Now that we have some of the business services/processes hosted and something like GrandCentral/Amazon to integrate them, what remains? Well first of all we need a lot more business services. GrandCentral's web site seems to offer a lot of the "informational" web services as hosted by organizations such as XMethods. Difficult to see how a meaningful chunk of business functionality could be implemented with those. (Maybe I doing an injustice to GrandCentral as I'm not a member of them and couldn't log in, plus the fact that their web site reminds me of a maze.) Secondly we need user interfaces - can they be hosted? Thirdly we need lots of data storage, which is properly managed and can also be used to host data warehouses. And fourthly we need alternate sourcing for this stuff.

Fast XML

Many, many years ago I picked up a book about a standard used in the telecommunication industry for describing and encoding data. The standard was called Abstract Syntax Notation 1 or ASN.1. Using this, data structures could be described and encoded in a standard way for transmission. This should sound familiar - if not you only have to click here.

This was so long ago that I can't remember who wrote it and also seem to have lost my only copy.

Then in the January 2004 issue of IEEEPro, I was surprised to read an article by Darren Mundy and David Chadwick ("An XML Alternative for Performance and Security: ASN.1") in which they showed that using ASN.1 binary encoding is significantly faster than using XML encoding. Using this the data can be described using ASN.1 (analog to XML Schema) and encoded using a standard ASN.1 binary encoding . (Unfortunately only the abstract is publicly available.)

This seemed a Good Idea, especially in enterprise environments were performance is important. However, the idea has not escaped others, as I found out when I came across this news article about speeding up XML. This references the Fast Infoset project which (you've guessed it!) uses the ASN.1 standards and encodings.


Monday, January 10, 2005

Building an Enterprise using Hosted Services I

Hopefully I'll get back to the service versioning problem later. But in the mean time I keep hitting against the idea of running a enterprise just by using hosted services. This seems very attractive - no software to install and manage, cut down on the amout of hardware you need etc.. So I thought it would be interesting to find out what types of business processes can be supported in this way. First one I found was Talaris who deal with procurement. Next was Salesforce.com - they deal with, obviously enough, sales processes (incuding CRM). One in Germany, Acinum who deals with various SCM procesess (careful, when I tried, the english version was not working).

I'm sure there are more and when I find them I'll blog them. Maybe you can run all your companies business processes just by using hosted services from different suppliers.

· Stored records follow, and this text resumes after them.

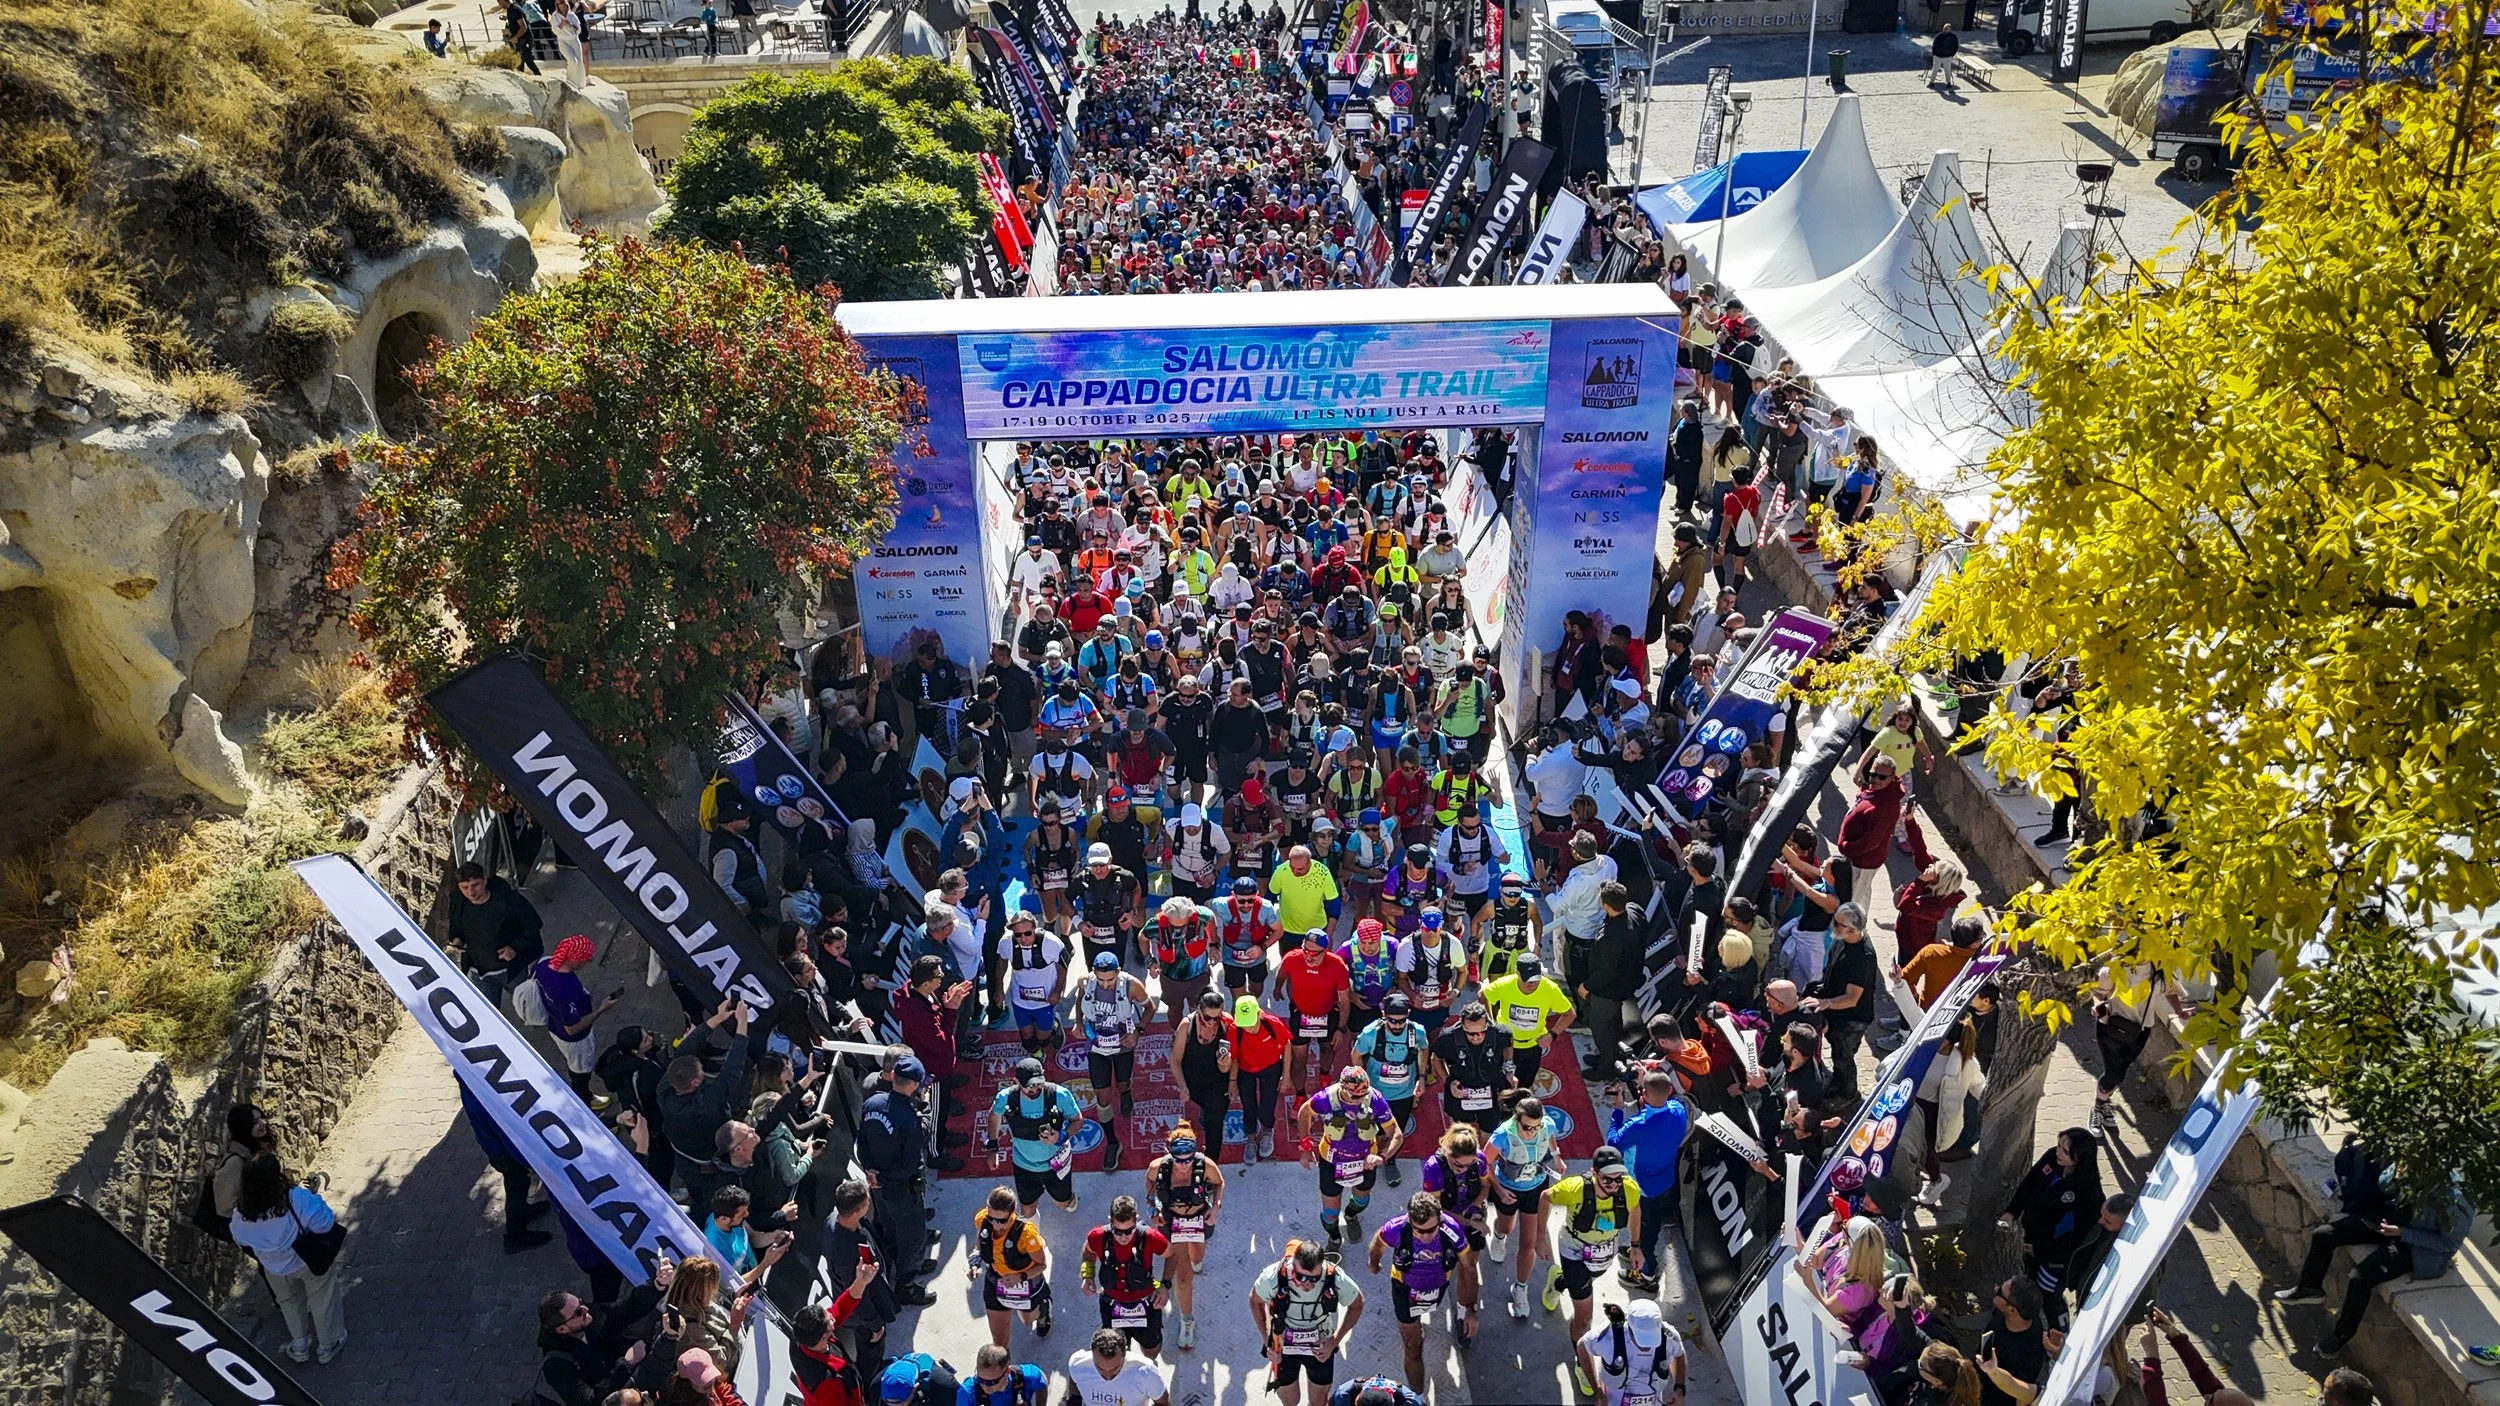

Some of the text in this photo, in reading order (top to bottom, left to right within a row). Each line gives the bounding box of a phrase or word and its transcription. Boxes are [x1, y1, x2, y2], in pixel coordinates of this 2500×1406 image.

[1680, 13, 1720, 27] RGÜP
[1396, 117, 1408, 132] P
[1162, 341, 1356, 374] SALOMON
[1001, 369, 1502, 408] CAPPADOCIA ULTRA TRAIL
[1586, 385, 1635, 398] CAPPADOCIA
[1002, 402, 1503, 429] 17-19 OCTOBER 2025 IT IS NOT JUST A RACE
[1561, 431, 1649, 443] SALOMON
[1571, 489, 1626, 499] GARMIN
[875, 546, 958, 558] SALOMON
[923, 569, 967, 577] GARMIN
[465, 802, 496, 862] SAL
[1693, 933, 1702, 975] SALOMO
[1756, 1301, 1824, 1406] SAL
[1091, 1391, 1123, 1404] HIGH

But how will they all work together?

Thursday, January 06, 2005

Versioning Services

I becoming interested in how services can be versioned in a serviced orientated architecture. Doing a google shows quite a lot of activity in the area, only every one seems to think that the problem is restricted to web services, but a more about that later.

One article - Best practices for Web services versioning - from a couple of IBMers proposes versioning the XML namespaces of the messages schema (as defined in the WSDL) and then either issuing errors for requesters using the old schema of using some kind of routing mechanism which picks up on the namespace and directs to the correct version. The authors do, however, go on to say that products to do this type of routing for you are rare on the ground (they mention TalkingBlocks, but this seems to have been taken over by HP and, at a first glance, I couldn't find any explicit mention of how such routing is achieved). They then go on to show how the versioned service definitions can be stored in a UDDI compliant directory.

One consensus which seems to have formed is that you're on your own when it comes to service versioning.

As I mentioned before, the terms services and SOA seem to be synonymous with web services. But what about SOAs which use MOM or use REST styles of communication or mix them all together. Is there a general mechanism or architecture which can bring these all under the umbrella of one versioning scheme?

Wednesday, January 05, 2005

Java Development

Developers seem to be getting tired of the complexity associated with the J2EE architecture and as such are developing and using lightweight frameworks which use POJOs. A combination which seems to becoming popular is Struts for the (web) user interface, Spring for the code container and Hibernate for object/relational mapping.